**** Data supplied

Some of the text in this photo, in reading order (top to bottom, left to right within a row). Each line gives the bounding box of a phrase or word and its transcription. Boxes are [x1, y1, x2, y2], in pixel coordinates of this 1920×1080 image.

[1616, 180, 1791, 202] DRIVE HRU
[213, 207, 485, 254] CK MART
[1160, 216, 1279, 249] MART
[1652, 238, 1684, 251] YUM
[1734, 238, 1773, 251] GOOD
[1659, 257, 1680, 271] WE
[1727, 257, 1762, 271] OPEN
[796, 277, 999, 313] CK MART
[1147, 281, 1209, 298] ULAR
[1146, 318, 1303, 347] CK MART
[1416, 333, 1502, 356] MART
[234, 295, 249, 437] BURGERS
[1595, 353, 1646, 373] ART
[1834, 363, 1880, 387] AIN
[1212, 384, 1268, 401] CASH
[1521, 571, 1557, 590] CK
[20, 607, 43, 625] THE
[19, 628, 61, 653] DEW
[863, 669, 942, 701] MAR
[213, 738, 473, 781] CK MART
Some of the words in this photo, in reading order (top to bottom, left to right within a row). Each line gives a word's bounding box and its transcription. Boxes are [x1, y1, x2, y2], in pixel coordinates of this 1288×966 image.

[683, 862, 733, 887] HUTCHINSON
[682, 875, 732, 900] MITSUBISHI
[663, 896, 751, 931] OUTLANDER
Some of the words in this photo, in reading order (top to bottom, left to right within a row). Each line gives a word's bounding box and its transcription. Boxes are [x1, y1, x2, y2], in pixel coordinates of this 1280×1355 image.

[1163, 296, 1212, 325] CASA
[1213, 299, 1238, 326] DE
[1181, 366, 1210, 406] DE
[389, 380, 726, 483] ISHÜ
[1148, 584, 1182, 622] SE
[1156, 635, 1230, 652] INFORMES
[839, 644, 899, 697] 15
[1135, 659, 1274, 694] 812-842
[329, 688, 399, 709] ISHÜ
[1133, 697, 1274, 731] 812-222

********

#### How to complete this task
Please print each entry once more, exactly as it reads.

#### Exercise output
Some of the text in this photo, in reading order (top to bottom, left to right within a row). Each line gives the bounding box of a phrase or word and its transcription. Boxes are [x1, y1, x2, y2], in pixel coordinates of this 1920×1080 image.

[1616, 180, 1791, 202] DRIVE HRU
[213, 207, 485, 254] CK MART
[1160, 216, 1279, 249] MART
[1652, 238, 1684, 251] YUM
[1734, 238, 1773, 251] GOOD
[1659, 257, 1680, 271] WE
[1727, 257, 1762, 271] OPEN
[796, 277, 999, 313] CK MART
[1147, 281, 1209, 298] ULAR
[1146, 318, 1303, 347] CK MART
[1416, 333, 1502, 356] MART
[234, 295, 249, 437] BURGERS
[1595, 353, 1646, 373] ART
[1834, 363, 1880, 387] AIN
[1212, 384, 1268, 401] CASH
[1521, 571, 1557, 590] CK
[20, 607, 43, 625] THE
[19, 628, 61, 653] DEW
[863, 669, 942, 701] MAR
[213, 738, 473, 781] CK MART
Some of the words in this photo, in reading order (top to bottom, left to right within a row). Each line gives a word's bounding box and its transcription. Boxes are [x1, y1, x2, y2], in pixel coordinates of this 1288×966 image.

[683, 862, 733, 887] HUTCHINSON
[682, 875, 732, 900] MITSUBISHI
[663, 896, 751, 931] OUTLANDER
Some of the words in this photo, in reading order (top to bottom, left to right within a row). Each line gives a word's bounding box and its transcription. Boxes are [x1, y1, x2, y2], in pixel coordinates of this 1280×1355 image.

[1163, 296, 1212, 325] CASA
[1213, 299, 1238, 326] DE
[1181, 366, 1210, 406] DE
[389, 380, 726, 483] ISHÜ
[1148, 584, 1182, 622] SE
[1156, 635, 1230, 652] INFORMES
[839, 644, 899, 697] 15
[1135, 659, 1274, 694] 812-842
[329, 688, 399, 709] ISHÜ
[1133, 697, 1274, 731] 812-222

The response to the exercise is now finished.